(Phrase grounding data)
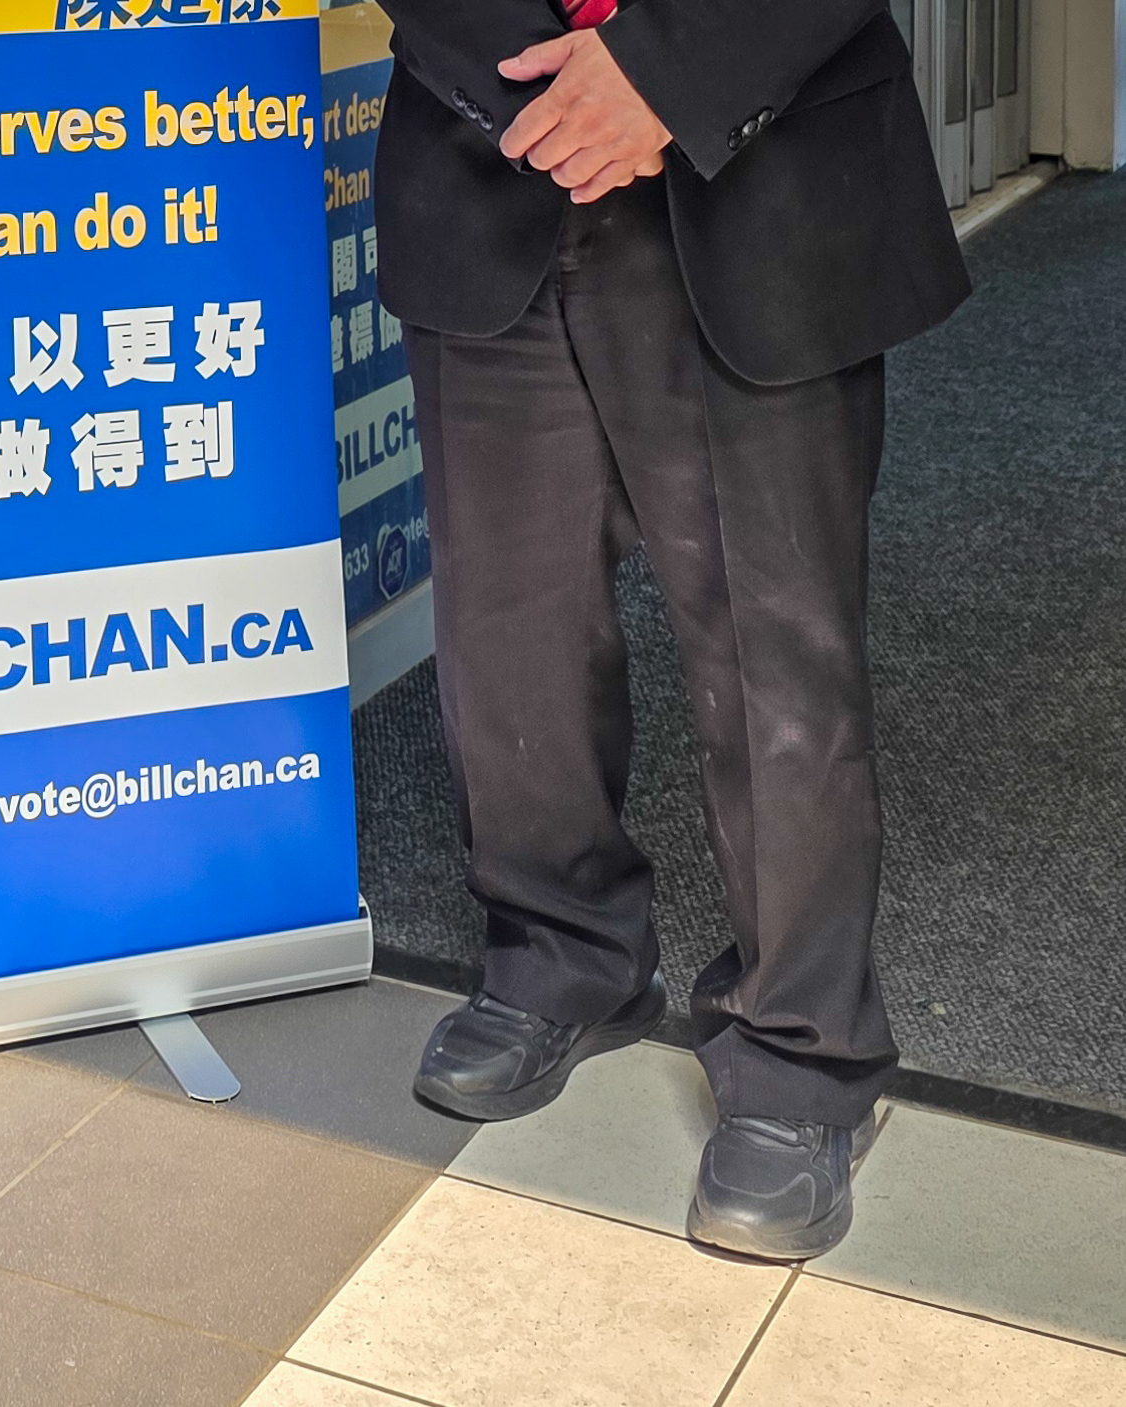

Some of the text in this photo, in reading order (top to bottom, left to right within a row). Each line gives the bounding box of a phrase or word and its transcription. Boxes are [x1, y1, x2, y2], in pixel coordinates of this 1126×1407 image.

[144, 86, 317, 150] better,
[75, 192, 147, 252] do
[164, 185, 219, 245] it!
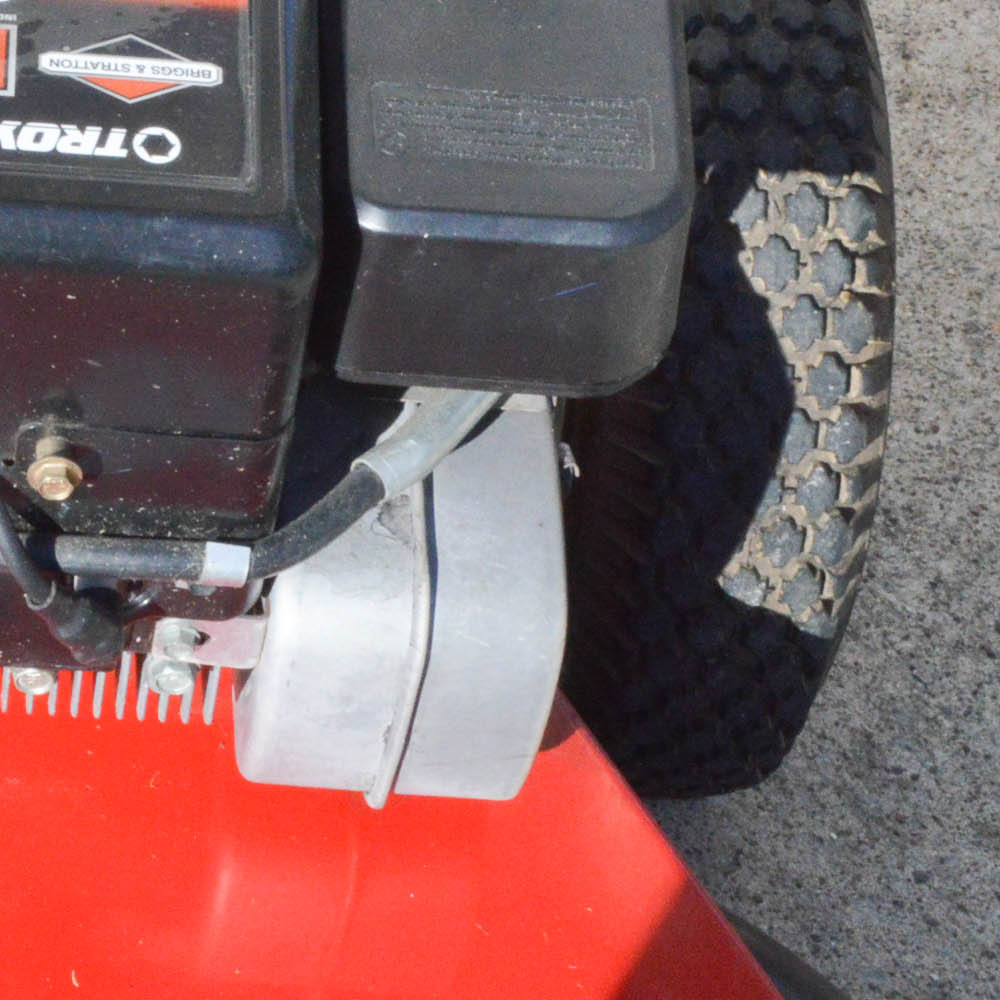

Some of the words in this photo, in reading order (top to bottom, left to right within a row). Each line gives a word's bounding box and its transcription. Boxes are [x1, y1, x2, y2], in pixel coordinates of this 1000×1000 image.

[49, 58, 133, 73] STRATTON
[136, 64, 146, 74] &
[150, 65, 212, 80] BRIGGS
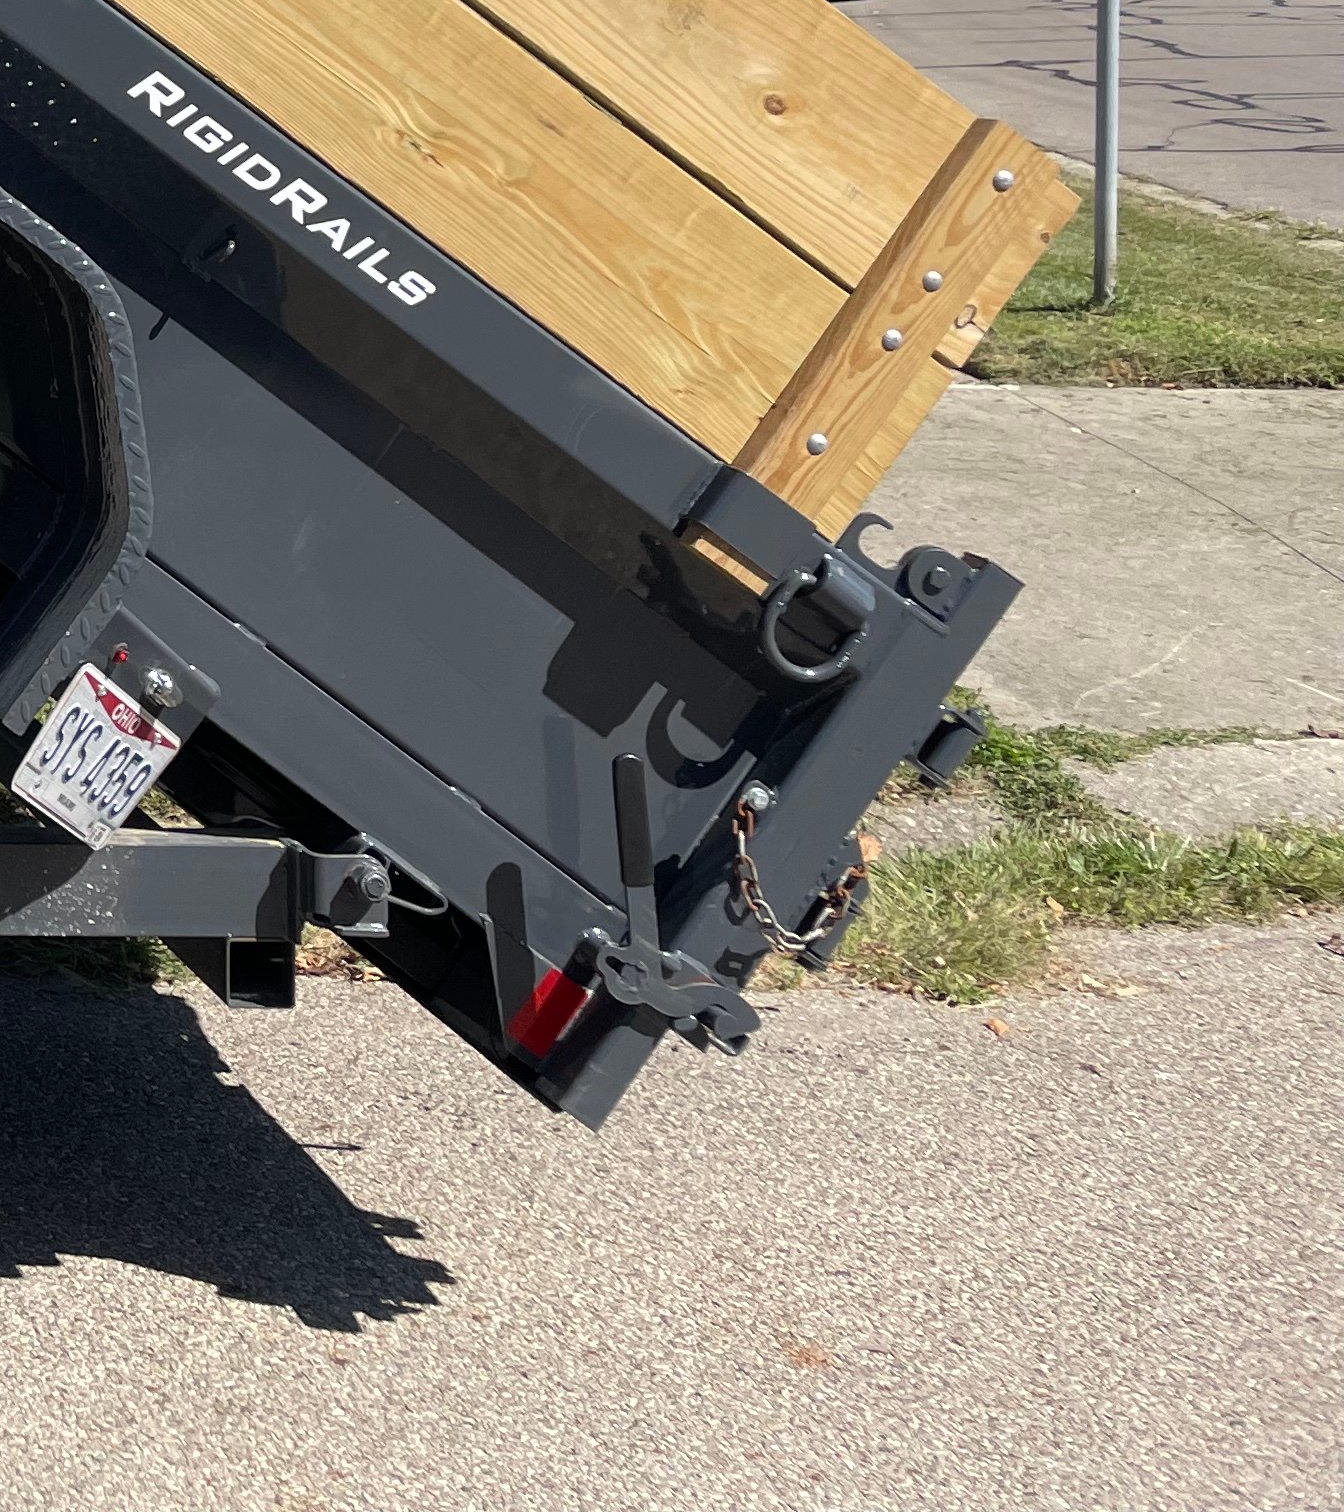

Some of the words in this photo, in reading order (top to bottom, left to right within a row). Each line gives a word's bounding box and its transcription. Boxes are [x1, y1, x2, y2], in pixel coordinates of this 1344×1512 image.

[126, 70, 437, 306] RIGIDRAILS
[40, 703, 103, 784] SYS
[79, 734, 152, 820] 4359
[111, 703, 143, 734] OHIO

## TASK TO COMPLETE
Copy every line above word for word and exclude the pictures.

## EXERCISE ANSWER
Some of the text in this photo, in reading order (top to bottom, left to right within a row). Each line gives the bounding box of a phrase or word and its transcription. Boxes are [x1, y1, x2, y2], in pixel coordinates of this 1126×1407 image.

[144, 86, 317, 150] better,
[75, 192, 147, 252] do
[164, 185, 219, 245] it!

Some of the words in this photo, in reading order (top to bottom, left to right within a row). Each line gives a word's bounding box and its transcription. Boxes are [x1, y1, x2, y2], in pixel coordinates of this 1000×1000 image.

[49, 58, 133, 73] STRATTON
[136, 64, 146, 74] &
[150, 65, 212, 80] BRIGGS

Some of the words in this photo, in reading order (top to bottom, left to right within a row). Each line gives a word's bounding box and its transcription. Boxes are [x1, y1, x2, y2], in pixel coordinates of this 1344×1512 image.

[126, 70, 437, 306] RIGIDRAILS
[40, 703, 103, 784] SYS
[79, 734, 152, 820] 4359
[111, 703, 143, 734] OHIO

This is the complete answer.